Source records
╔══

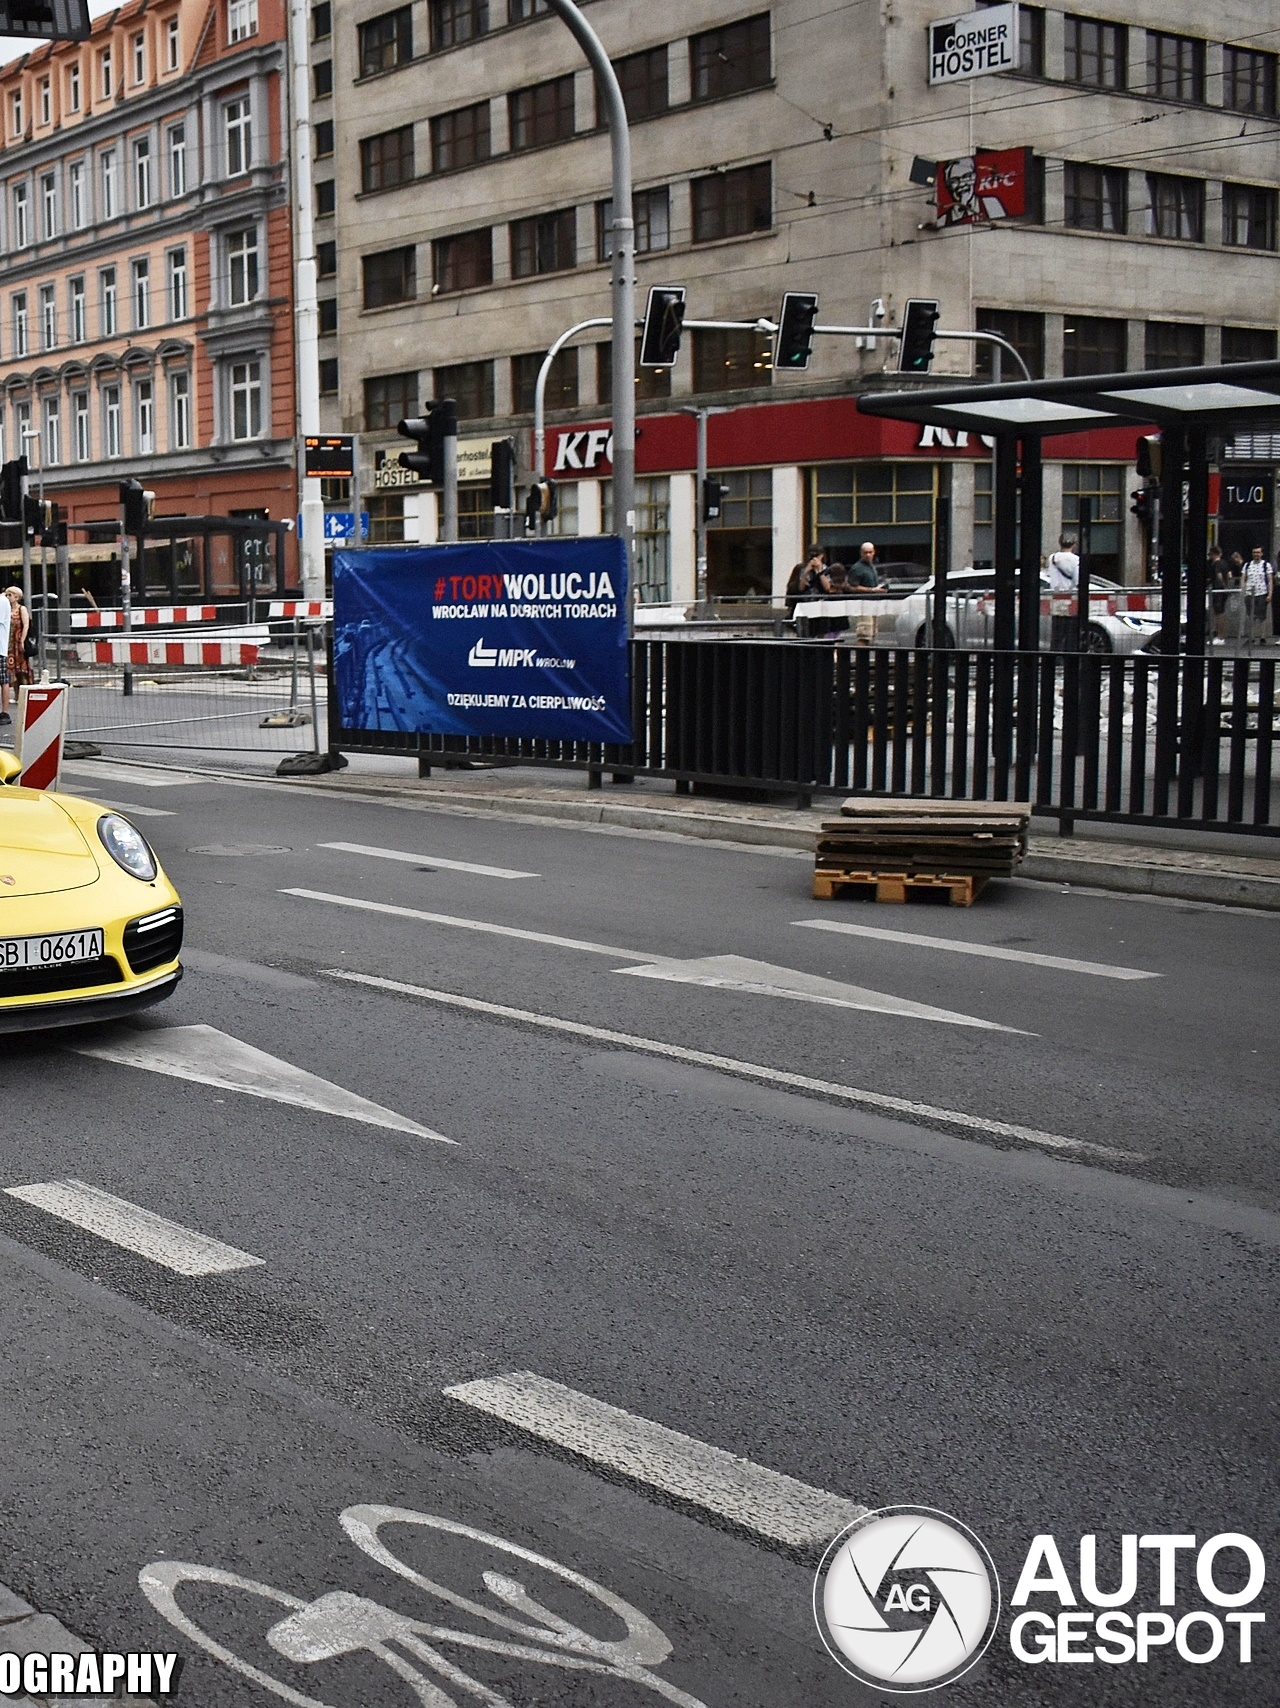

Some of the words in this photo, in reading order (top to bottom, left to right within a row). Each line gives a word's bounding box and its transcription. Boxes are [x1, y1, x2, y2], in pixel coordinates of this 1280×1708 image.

[945, 24, 1008, 51] CORNER
[932, 42, 1011, 78] HOSTEL
[978, 171, 1017, 191] KFC
[553, 429, 614, 470] KF
[375, 470, 417, 486] HOSTEL
[433, 572, 616, 600] #TORYWOLUCJA
[432, 604, 489, 619] WROCŁAW
[491, 604, 508, 618] NA
[510, 603, 562, 618] DOBRYCH
[564, 603, 617, 618] TORACH
[498, 649, 537, 667] MPK
[447, 693, 510, 709] DZIĘKUJEMY
[512, 695, 527, 708] ZA
[529, 695, 606, 711] CIERPLIWOŚĆ
[39, 933, 100, 962] 0661A

╚══

Instructions for the task:
Leave the pictures out and reproduce all of the records exactly.

Expected answer:
Some of the words in this photo, in reading order (top to bottom, left to right within a row). Each line gives a word's bounding box and its transcription. Boxes are [x1, y1, x2, y2], in pixel coordinates of this 1280×1708 image.

[945, 24, 1008, 51] CORNER
[932, 42, 1011, 78] HOSTEL
[978, 171, 1017, 191] KFC
[553, 429, 614, 470] KF
[375, 470, 417, 486] HOSTEL
[433, 572, 616, 600] #TORYWOLUCJA
[432, 604, 489, 619] WROCŁAW
[491, 604, 508, 618] NA
[510, 603, 562, 618] DOBRYCH
[564, 603, 617, 618] TORACH
[498, 649, 537, 667] MPK
[447, 693, 510, 709] DZIĘKUJEMY
[512, 695, 527, 708] ZA
[529, 695, 606, 711] CIERPLIWOŚĆ
[39, 933, 100, 962] 0661A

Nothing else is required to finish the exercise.